Conservatives Battle for Tennessee House Speakership
By Josh Goodman, Staff Writer
Throughout the last year, Republican primaries featured contests between Tea Party conservatives and establishment figures. Now the same clashes are taking place in statehouses around the country, with Tennessee the latest state to join in the action. In the Tennessee House, the two candidates for speaker are Beth Harwell and Glen Casada , the Tennessean reports . The race has the trappings of a political campaign, with Tea Partiers and other conservative groups rallying behind Casada. Similar leadership fights between different wings of the Republican Party already are playing out in several states, including Texas, Nevada, Montana and Missouri.
With state government in Republican hands the last two years, Arizona lawmakers pursued a variety of conservative policies on immigration, abortion, health care and guns. Now, with an election that only further solidified conservatives' hold on the Legislature, Arizona Republicans have a new cause: a flat tax. "We have got to get rid of the progressive tax code," Frank Antenori , a Republican state senator, told the Arizona Republic . "It's used for class warfare." He's working on a plan that would shift the state to a single income tax rate. One sign of conservatives' hold on the Legislature is that Russell Pearce , a key force behind Arizona's nationally noted immigration law, will be the new Senate President.

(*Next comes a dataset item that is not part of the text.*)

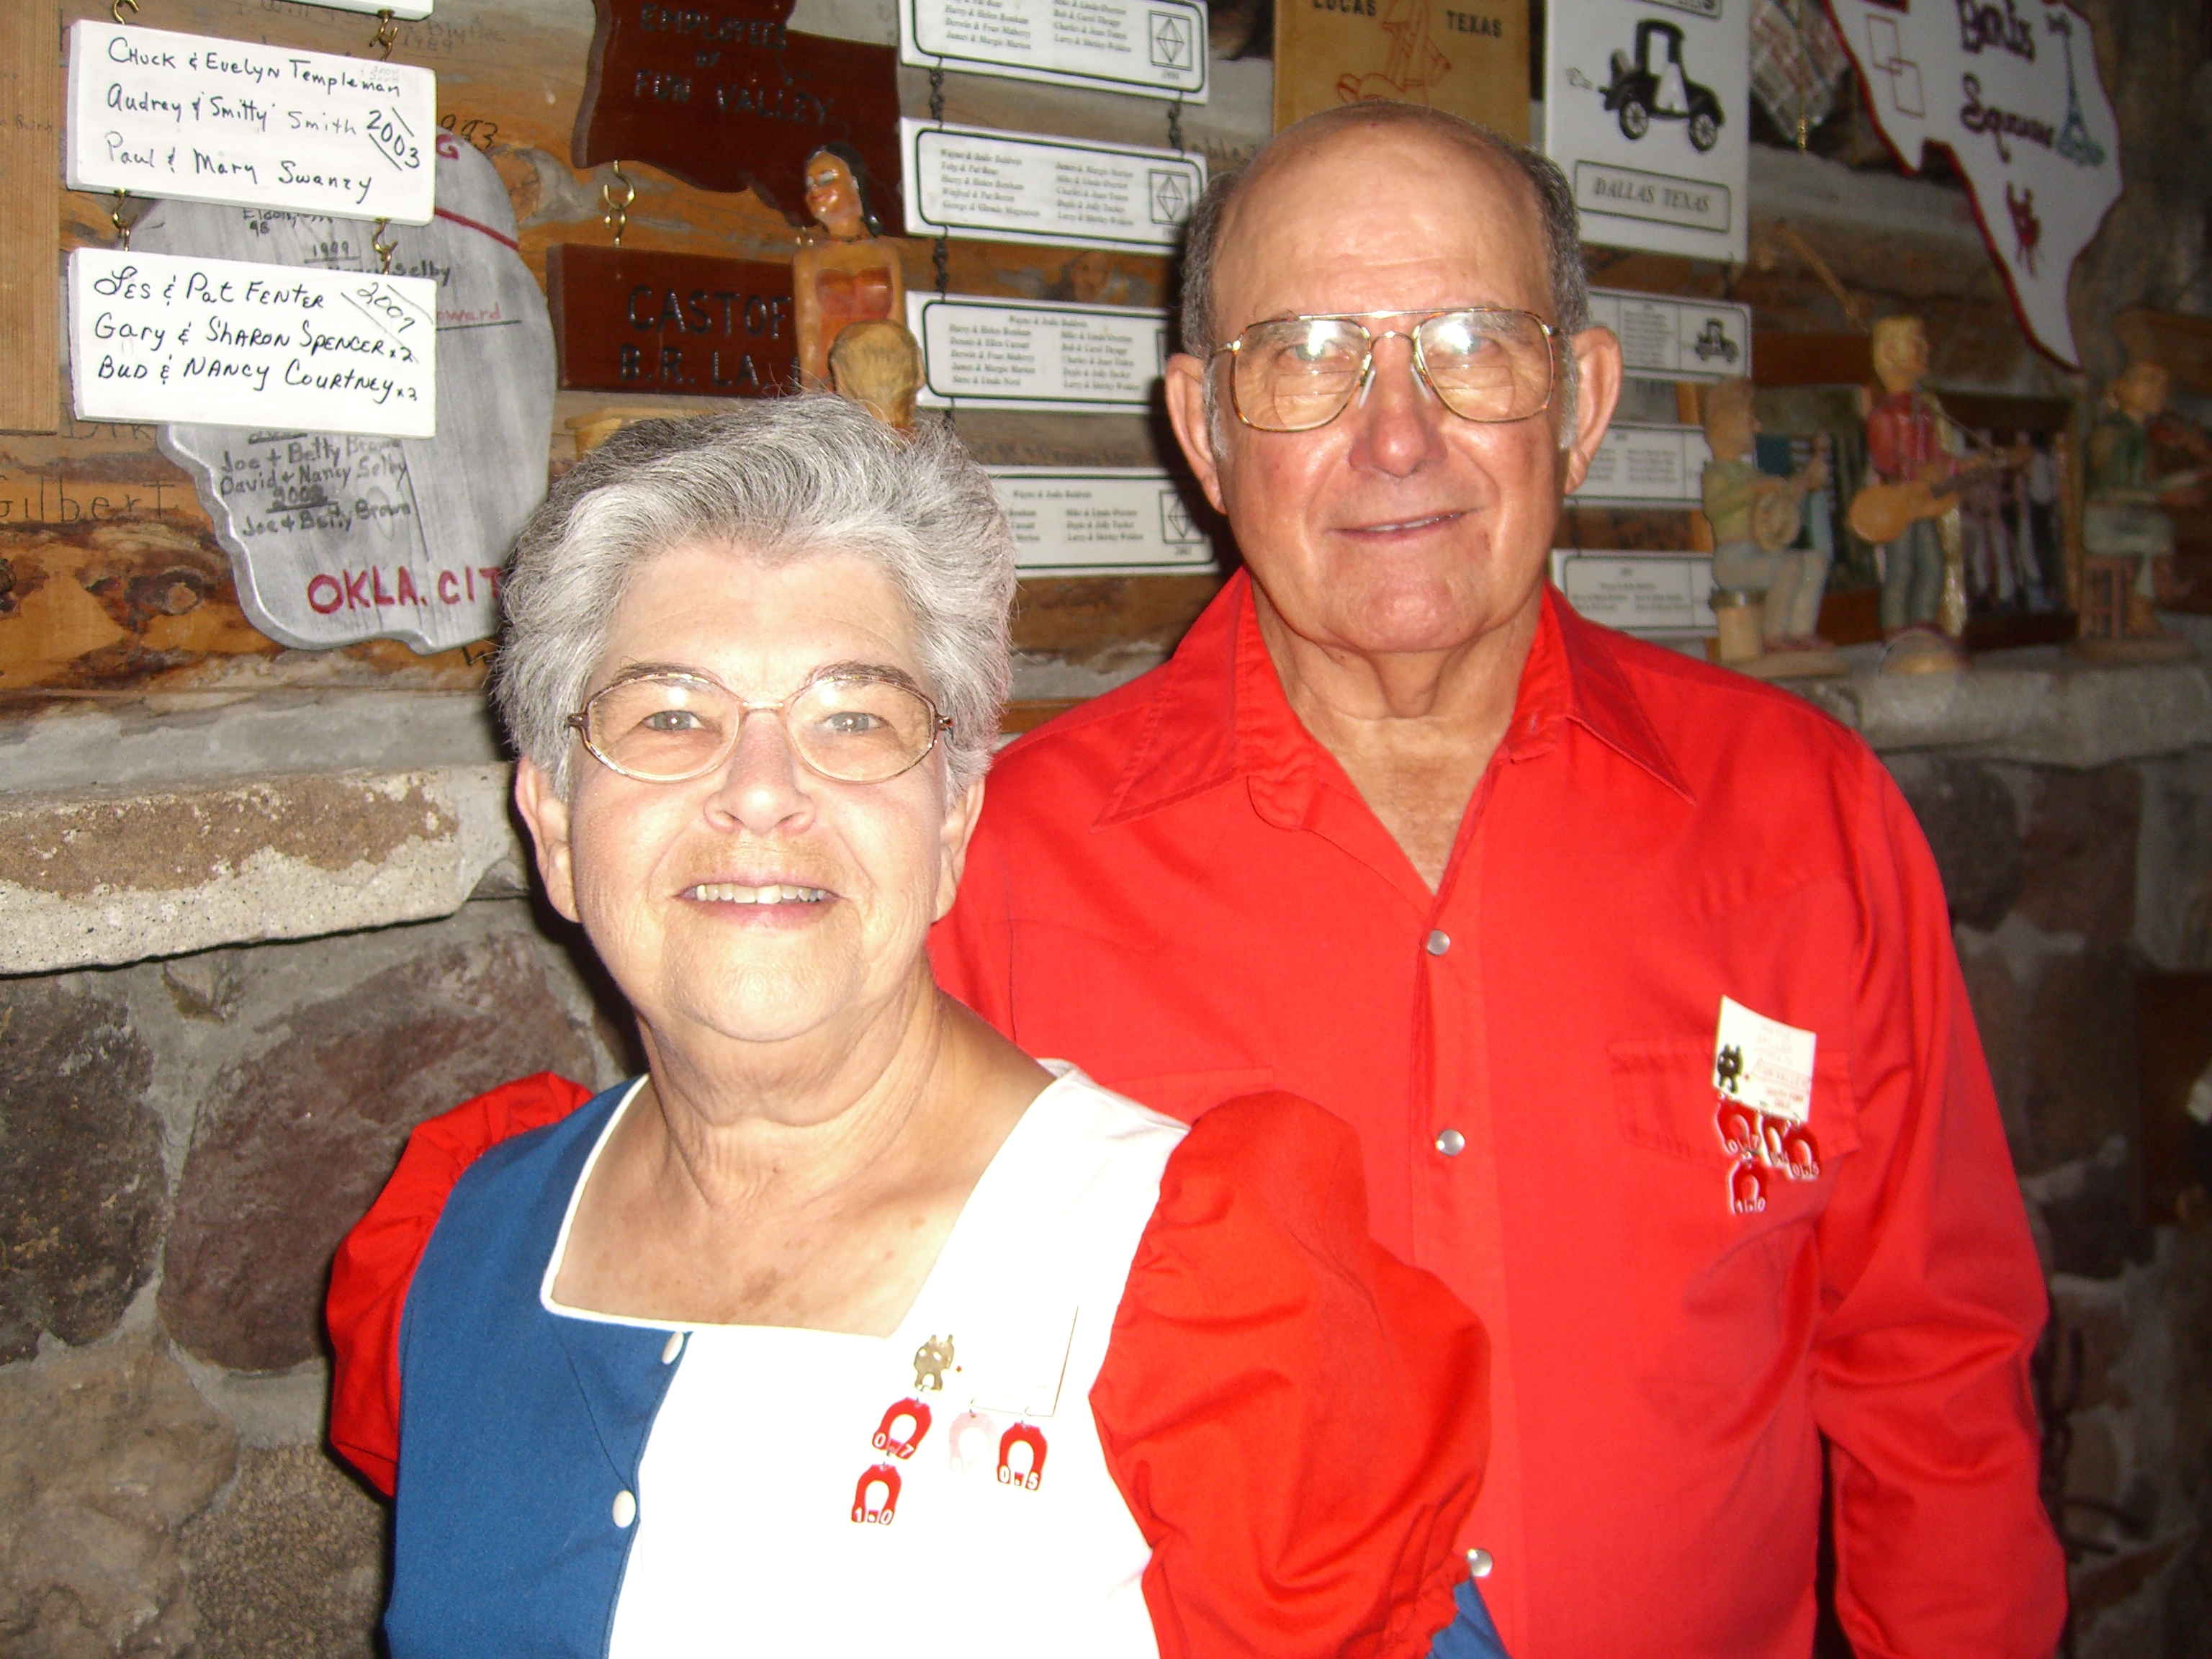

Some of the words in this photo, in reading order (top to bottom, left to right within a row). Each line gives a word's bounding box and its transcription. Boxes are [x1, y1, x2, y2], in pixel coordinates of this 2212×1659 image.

Even though it's been two decades since a Democrat was governor of Connecticut , Tim Bannon will provide at least a measure of continuity between the administration of Governor - elect Dan Malloy and the administration of William O'Neill twenty years earlier. Malloy has picked Bannon as his chief of staff. He served in a variety of jobs in O'Neill's administration, including as tax commissioner. As the Connecticut Mirror reports , Bannon has a colorful background. In high school, George W. Bush once gave him a fake I.D. At Yale, cartoonist Garry Trudeau was his roommate. More recently, Bannon has had stints in the health care industry, the state treasurer's office and as the executive director of the Connecticut Housing Finance Authority.
In 2007, the first year of Maryland Governor Martin O'Malley 's first term in office, he pushed through a major tax increase. Despite the $1.6 billion budget shortfall the state faces, don't expect a repeat in the first year of O'Malley's second term. O'Malley has reiterated his opposition to higher taxes to balance the budget, the Baltimore Sun reports . In doing so, he's bucking the will of at least some of his fellow Democrats in the legislature. Senate President Thomas V. Mike Miller , for example, has spoken up in favor of a gas tax increase. But O'Malley said on the campaign trail that he wouldn't raise taxes or fees next year.
Nevada Governor-elect Brian Sandoval consistently has pledged he will balance the budget without raising taxes. In Heidi Gansert , he's found a chief of staff who's fought those battles before. Sandoval has announced the appointment of Gansert and other members of his administration, the Associated Press reports . Gansert most recently served as the Republican leader in the Assembly, where taxes and the budget have dominated debate in recent years. They'll dominate again in the upcoming year, with Nevada facing a budget shortfall of up to $3 billion in a state where the most recent general fund budget only was $6.4 billion.